Being a new mom is like riding on a rollercoaster of emotions. There are moments of joy, unmatched excitement, and unconditional love. But there are also periods of uncertainty when you’re so sure you’re doing everything wrong.
Anxiety is a common feeling during this time of new motherhood. The enormous sense of responsibility to take care of a human being, matched with postpartum hormones running through your body, sets the perfect setting for anxieties to fester. Below are some concerns common to new moms:
• “Is it the baby blues or postpartum depression?”
• Losing the baby weight
• Lack of sleep
• Turning into a milk machine
• Baby keeps on crying no matter what you do.
• Am I feeding the baby the right amount?
• “Is my baby developing normally? Is my baby healthy?”
The list can go on and on, we know, but it helps to know you are not alone. While we can’t stop these thoughts from coming, we can do our best to make sure they don’t get in the way of cherishing our motherhood journey.
Worry Less, Enjoy Motherhood More
“All parents worry about their children, but not all parents are highly anxious. The highly anxious are mostly those who’d like to constantly be in control of a situation, as opposed to just letting things run its natural course,” says Dra. Anna Aurelia M. Noel, MD a Resident Psychiatrist at Veterans Memorial Medical Center.
There are many things that moms find themselves worrying about, but instead of feeling anxious, you could direct your emotions into positive thoughts. Here are Dra. Noel’s eight useful tips on overcoming new mom worries:
1. Focus on the wonderful things motherhood has brought to you. Instead of worrying about what awful things may happen to your child, live in the moment and take in each milestone as they come. They grow up very fast, so go on and be present in the here and now.

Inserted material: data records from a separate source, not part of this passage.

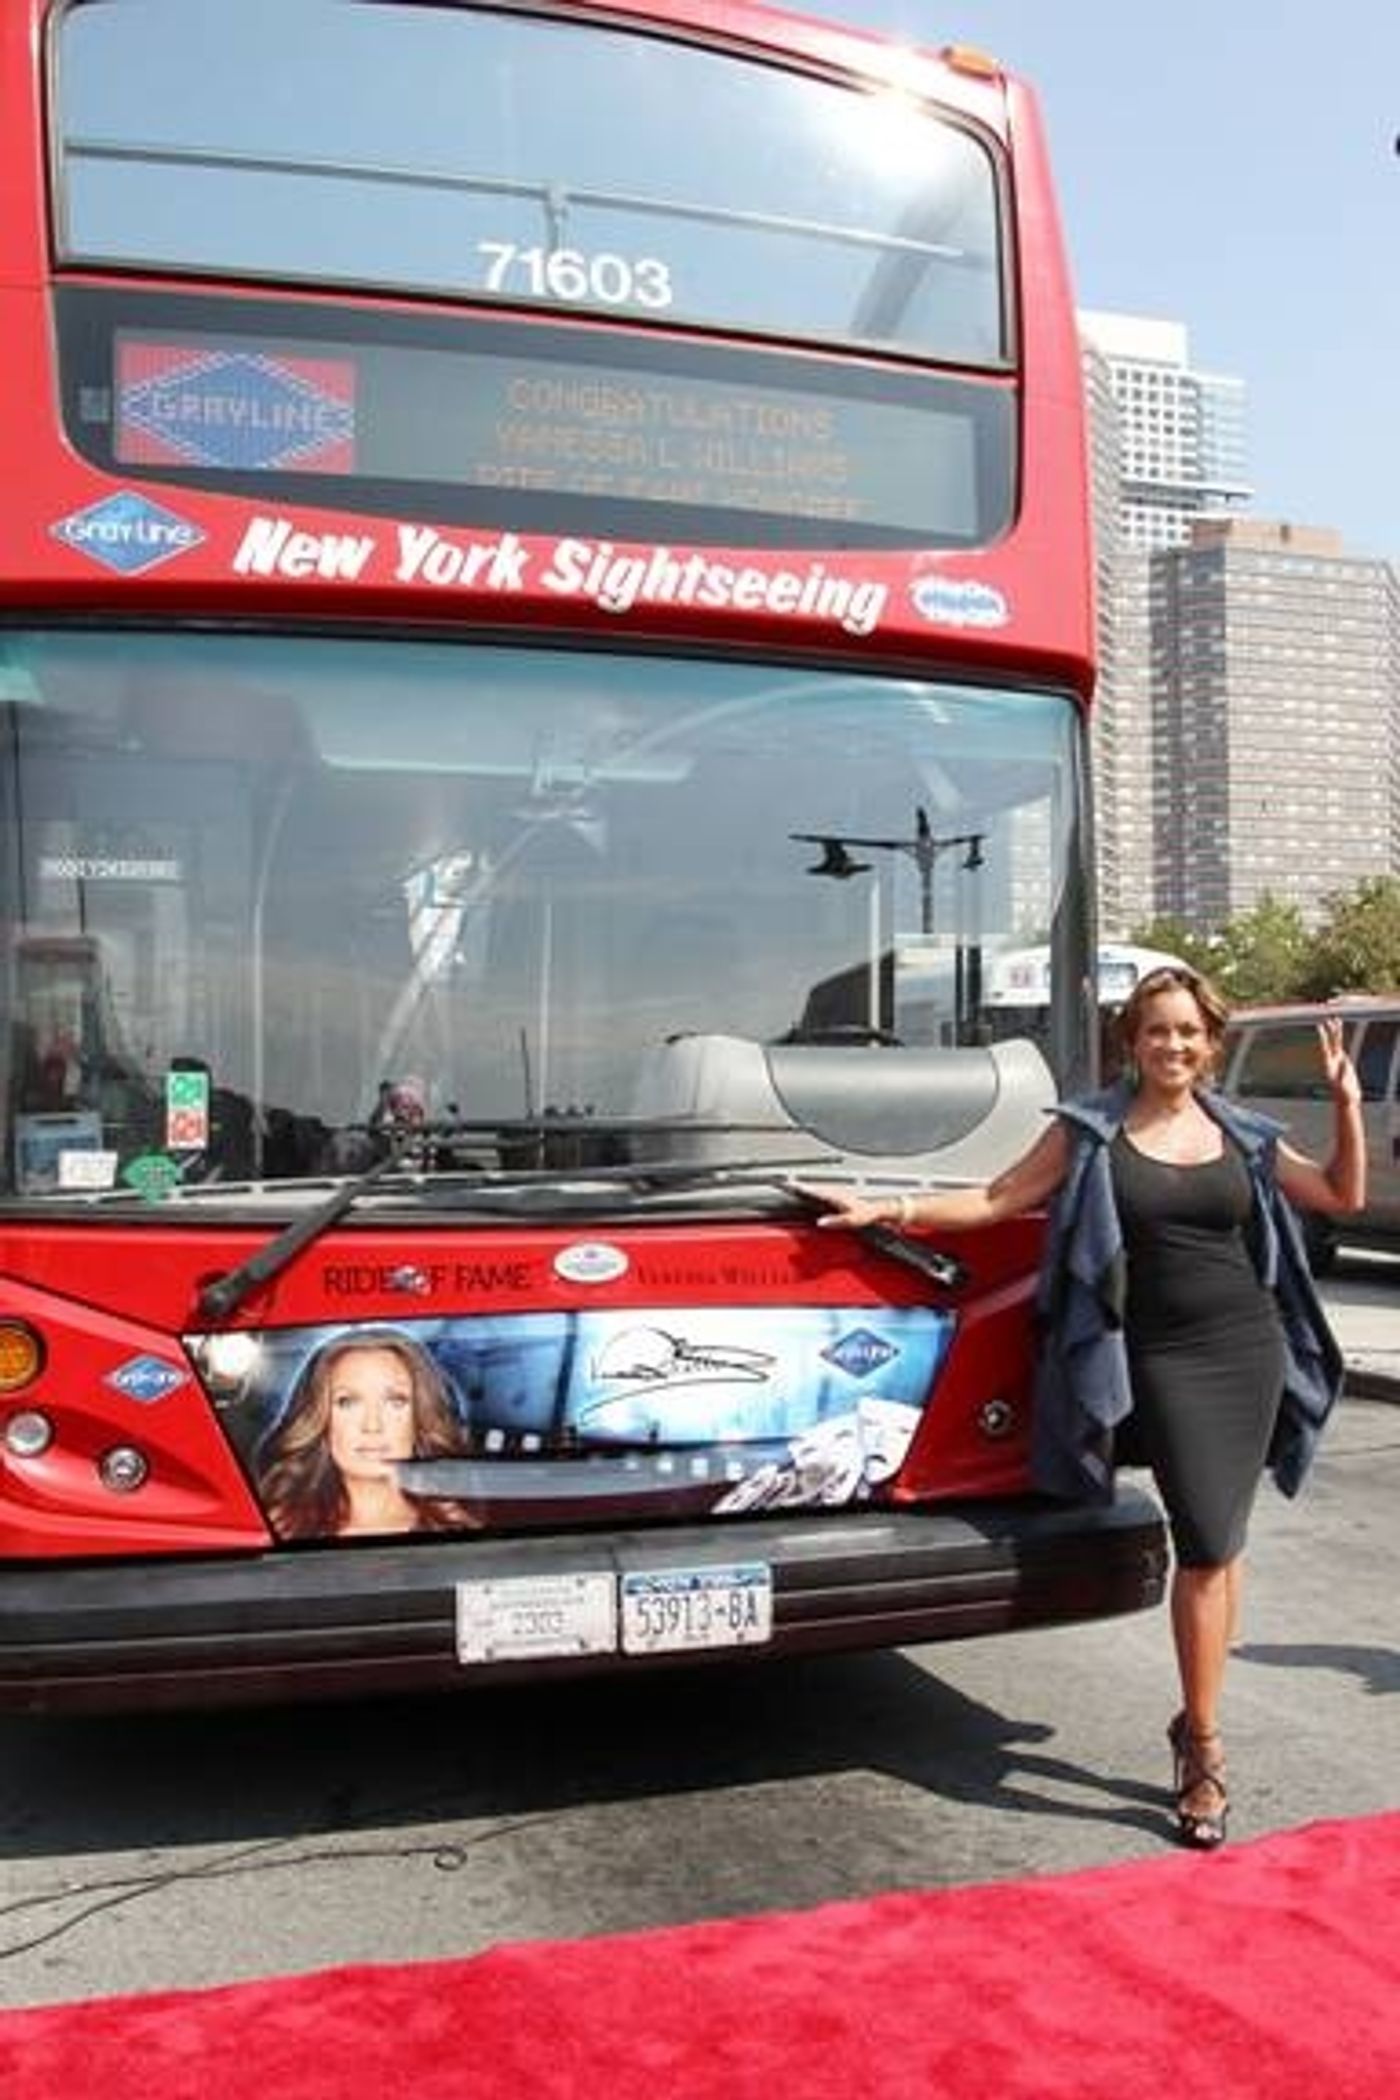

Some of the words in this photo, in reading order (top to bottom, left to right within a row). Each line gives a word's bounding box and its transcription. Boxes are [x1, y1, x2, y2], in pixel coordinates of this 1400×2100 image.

[477, 243, 672, 307] 71603
[152, 392, 336, 431] GRAYLINE
[233, 516, 372, 580] New
[396, 524, 532, 592] York
[541, 538, 888, 636] Sightseeing
[455, 1264, 532, 1292] FAME

2. Being anxious means you are always living in the future and you tend to forget the present. Remember that your worries will not change anything that is destined to happen. We must accept the fact that we cannot control everything, except our attitude towards parenting. Rest your worries.

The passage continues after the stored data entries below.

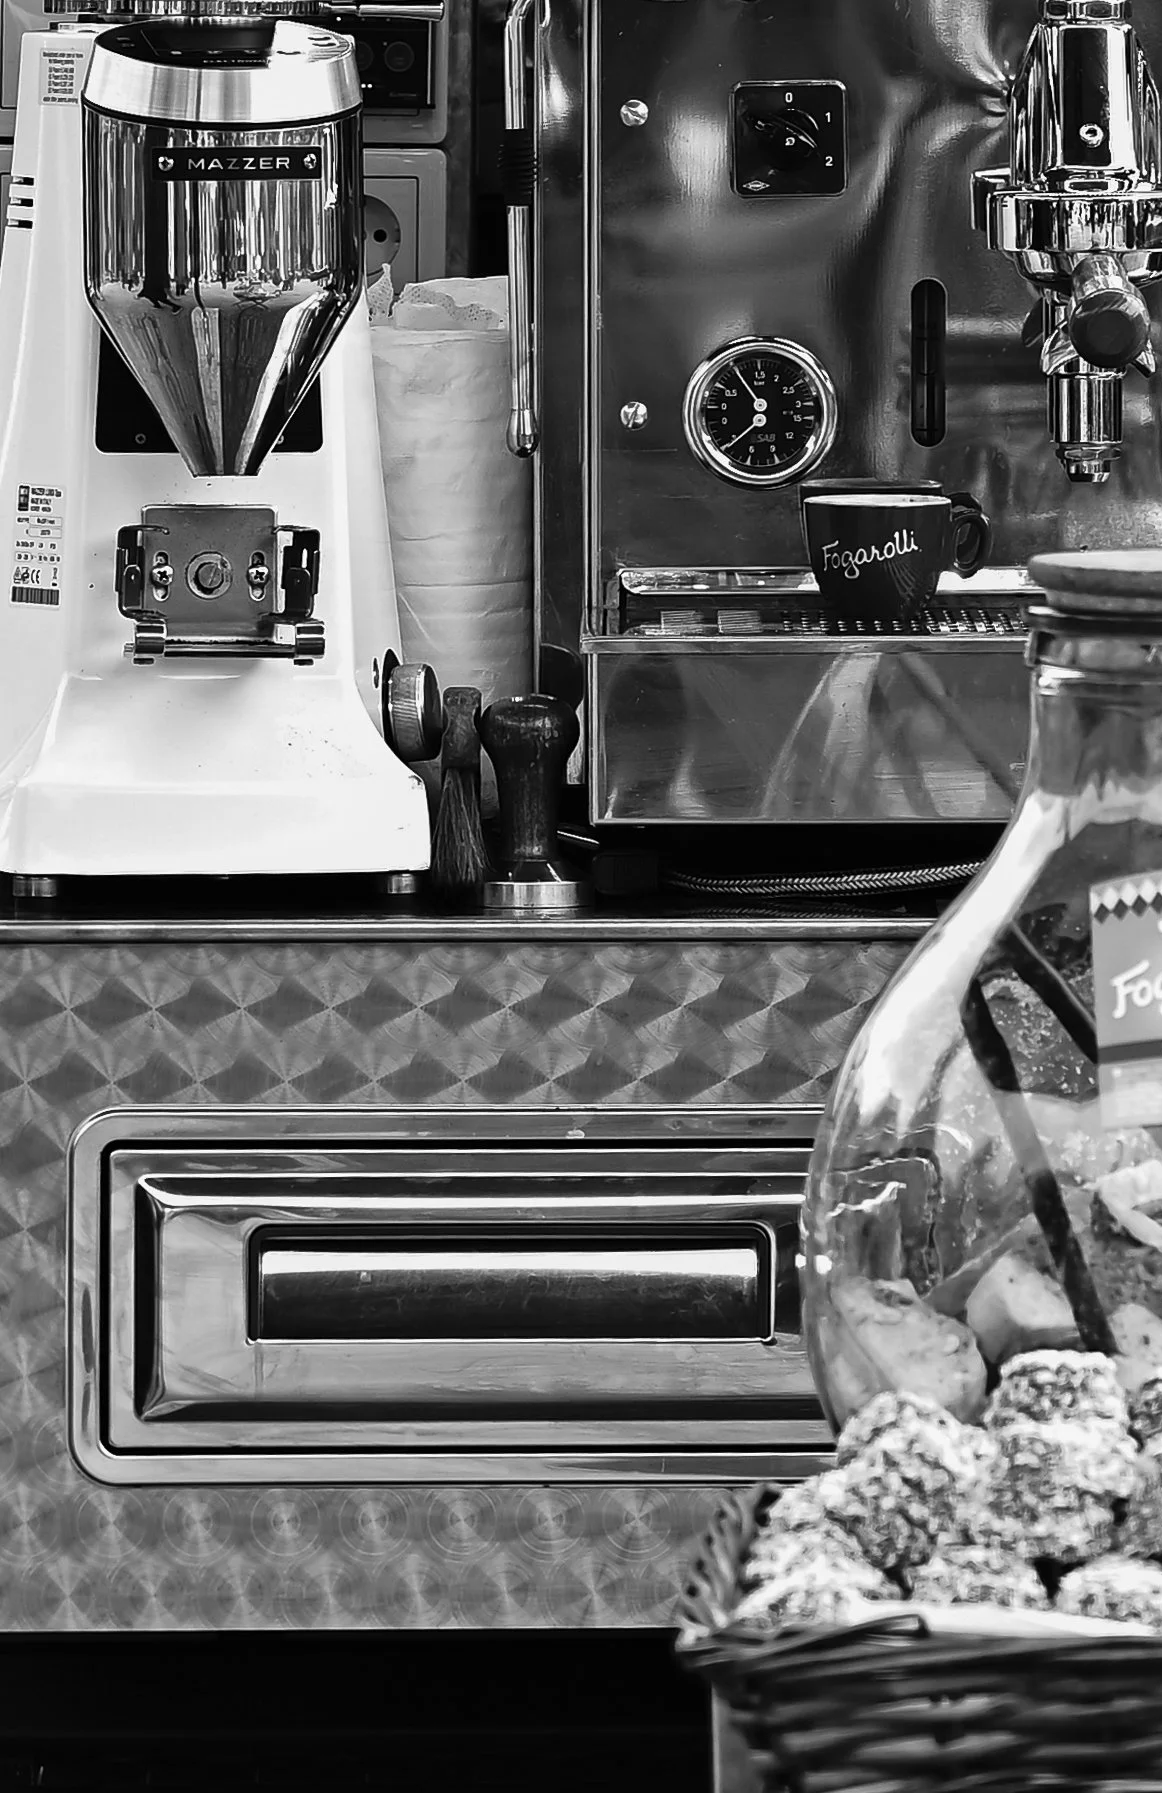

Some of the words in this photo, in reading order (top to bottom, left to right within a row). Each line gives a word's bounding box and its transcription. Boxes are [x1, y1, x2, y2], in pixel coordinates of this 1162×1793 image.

[785, 92, 793, 103] 0
[825, 111, 831, 123] 1
[188, 156, 290, 170] MAZZER
[825, 156, 833, 167] 2
[821, 529, 923, 578] Fogarolli

3. Surround yourself with people whom you can learn from, especially other moms with stories of personal experiences.
4. When in doubt, ask your pediatrician or family doctor. When you’re not quite sure what your child is feeling, do not consult Google. Go straight to the clinic.
5. If the worrying becomes too much and it starts to affect your family, your work, and your relationships with people, perhaps it is time to seek professional help.
6. Turn your energies into something productive. Tension that builds up must be diffused and there are many ways to channel it into productivity! Take up a sport, clean the house, or rearrange the baby’s clothes.
7. Take care of yourself! Immersing yourself completely, without taking a breather, is never good for a parent, or anyone for that matter. Parenthood can be very exhausting and can lead to burnout. Exercise and eat properly, relax, take breaks. Resting and pampering yourself once in a while does not make you a bad parent.
8. For older kids, let them make mistakes. When we try to protect our kids from every potential threat, we hinder the child’s ability to cope with challenges and stress. So, go on! Let them scrape their knee or fall off their bike once in a while. What is important is that you make them feel that you will be there for them, to pick them up from the fall; to accept them when they make mistakes. To teach them to handle life with courage.
As added self-care measure, Dr. Noel advises moms to indulge in calming music and mindfulness exercises and meditation. Frazzled nerves due to constant anxiety can sometimes lead to bad judgment calls and mood swings. A calm mind will lift your mood and will reflect on your interactions with your baby and family. You can try downloading apps like Calm, a top app for mindfulness and meditation. Podcasts and relaxing nature soothing sounds will work well too.
Parents will worry about their kids at one point. But we shouldn’t let fear and worry dominate our lives. Instead, we should trust in our instincts and give ourselves the freedom to learn, explore, and grow into the best moms we can be.